A session of the United Nations’ Conference on Trade and Development (UNCTAD)

British Archbishop Paul Richard Gallagher, the Vatican’s Secretary for Relations with States (the Vatican’s “foreign minister”).

Very recently Archbishop Paul Richard Gallagher, the Vatican’s Secretary for Relations with States, made a statement at a conference sponsored by the United Nations Conference on Trade and Development (UNCTAD) which highlights a continuing and unresolved dilemma facing the Church in a pluralistic world, increasingly dominated by people who are indifferent if not hostile to any organized religion.

The UNCTAD conference had as its focus the motto, “Prosperity for All” — surely a goal that the vast majority would agree with and which has been a constant theme of papal social doctrine as well. Nor were Archbishop Gallagher’s short speech and the specific items he advocated out of line with the tradition of modern papal social teaching initiated by Leo XIII. He highlights the increasing disparity between rich and poor, both rich and poor nations and the rich and poor even within countries considered securely developed. He calls attention to the contribution of the Covid epidemic to this disparity in that “[t]hose with digital skills and financial assets made gains, while those without such resources fell further behind.” The Archbishop notes the effects of “unregulated financial markets and institutions with short-term horizons.” All this, as we will see, is in line with the thrust of numerous statements by more than one pontiff.

Even Gallagher’s proposed remedies, “fiscal redistribution and increasing the progressiveness of income taxation schedules” and “[a]equate enforcement of corporate taxation” can hardly be called alien to Catholic tradition. What then is the unresolved dilemma that I mentioned earlier?

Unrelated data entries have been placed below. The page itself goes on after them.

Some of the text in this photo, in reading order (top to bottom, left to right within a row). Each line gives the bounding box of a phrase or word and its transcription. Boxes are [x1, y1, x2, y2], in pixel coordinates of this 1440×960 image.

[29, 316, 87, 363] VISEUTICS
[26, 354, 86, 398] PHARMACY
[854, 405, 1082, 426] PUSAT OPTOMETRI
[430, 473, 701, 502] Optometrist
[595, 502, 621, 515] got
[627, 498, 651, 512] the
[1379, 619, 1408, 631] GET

What objections can be raised with regard to the Archbishop’s speech? 

Before addressing what I am calling an unresolved dilemma, let us make sure that we understand exactly how radical traditional Catholic social teaching often was. Far from endorsing the status quo brought about by the capitalist economic system that arose in the eighteenth century, Leo XIII and his successors reacted with strong language. Leo XIII: “Hence by degrees it has come to pass that Working Men have been given over, isolated and defenseless, to the callousness of employers and the greed of unrestrained competition. (Rerum Novarum, no. 3)

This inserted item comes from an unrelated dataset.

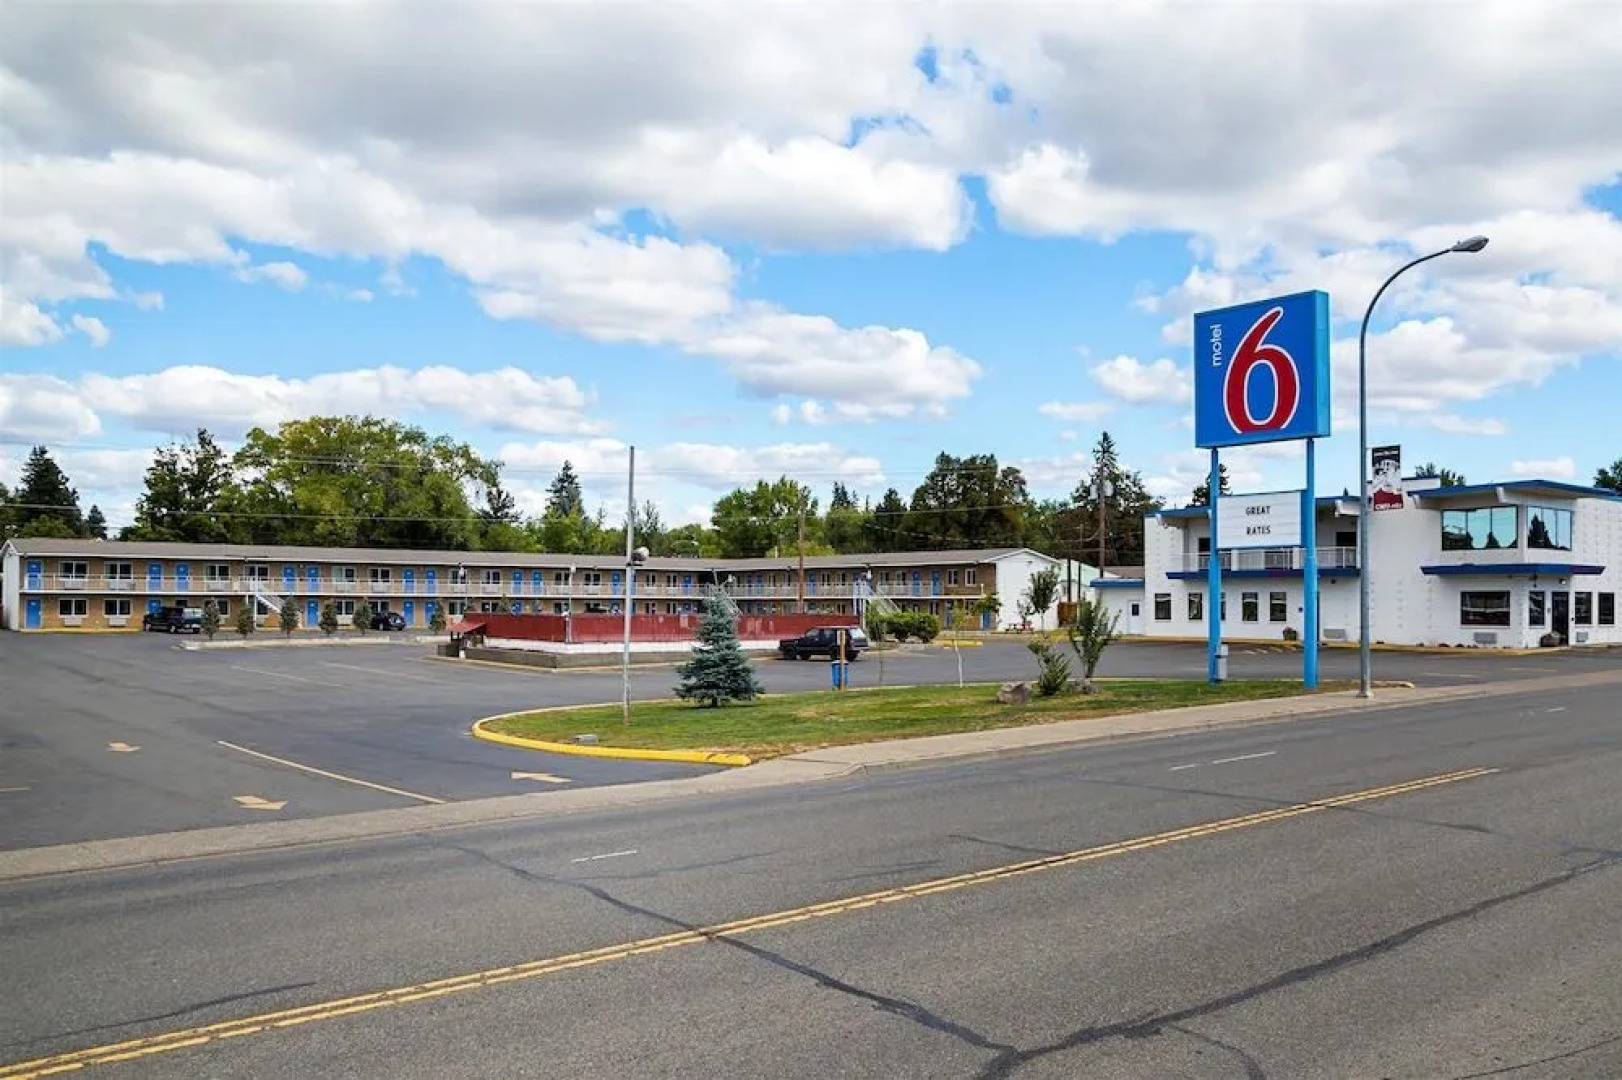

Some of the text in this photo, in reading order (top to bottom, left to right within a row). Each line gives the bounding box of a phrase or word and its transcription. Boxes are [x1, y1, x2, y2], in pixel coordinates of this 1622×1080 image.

[1210, 306, 1300, 434] motel 6
[1245, 505, 1271, 516] GREAT
[1246, 525, 1271, 536] RATES

“On the one side there is the party which holds the power because it holds the wealth; which has in its grasp all labor and all trade; which manipulates for its own benefit and its own purposes all the sources of supply, and which is powerfully represented in the councils of the State itself. On the other side there is the needy and powerless multitude, sore and suffering, always ready for disturbance. (Rerum Novarum, no. 47)

Then, his even more outspoken successor, Pius XI: “Capital, however, was long able to appropriate to itself excessive advantages. It claimed all the products and profits and left to the laborer the barest minimum necessary to repair his strength and to ensure the continuation of his class. For by an inexorable economic law, it was held, all accumulation of riches must fall to the share of the wealthy, while the workingman must remain perpetually in indigence or reduced to the minimum needed for existence. (Quadragesimo Anno, no. 54)

“Each class, then, must receive its due share, and the distribution of created goods must be brought into conformity with the demands of the common good and social justice. For every sincere observer realizes that the vast differences between the few who hold excessive wealth and the many who live in destitution constitute a grave evil in modern society.” (Quadragesimo Anno, no. 58)

Then, finally, from John Paul II’s Centesimus Annus, the encyclical erroneously but widely regarded as a kind of paean to triumphant free-market economics. “There is a risk that a radical capitalistic ideology could spread which refuses even to consider these problems, in the a priori belief that any attempt to solve them is doomed to failure, and which blindly entrusts their solution to the free development of market forces.” (no. 42)

“The Western countries… run the risk of seeing [the collapse of Communism] as a one-sided victory of their own economic system, and thereby failing to make necessary corrections in that system.” (no. 56)

I hope that these few quotations — which I could easily multiply to fill several pages — will be sufficient to disabuse the minds of any readers that the utterances on economics by Pope Francis and his collaborators are something unheard of in the history of the Church. So, what then do I mean when I speak of a dilemma?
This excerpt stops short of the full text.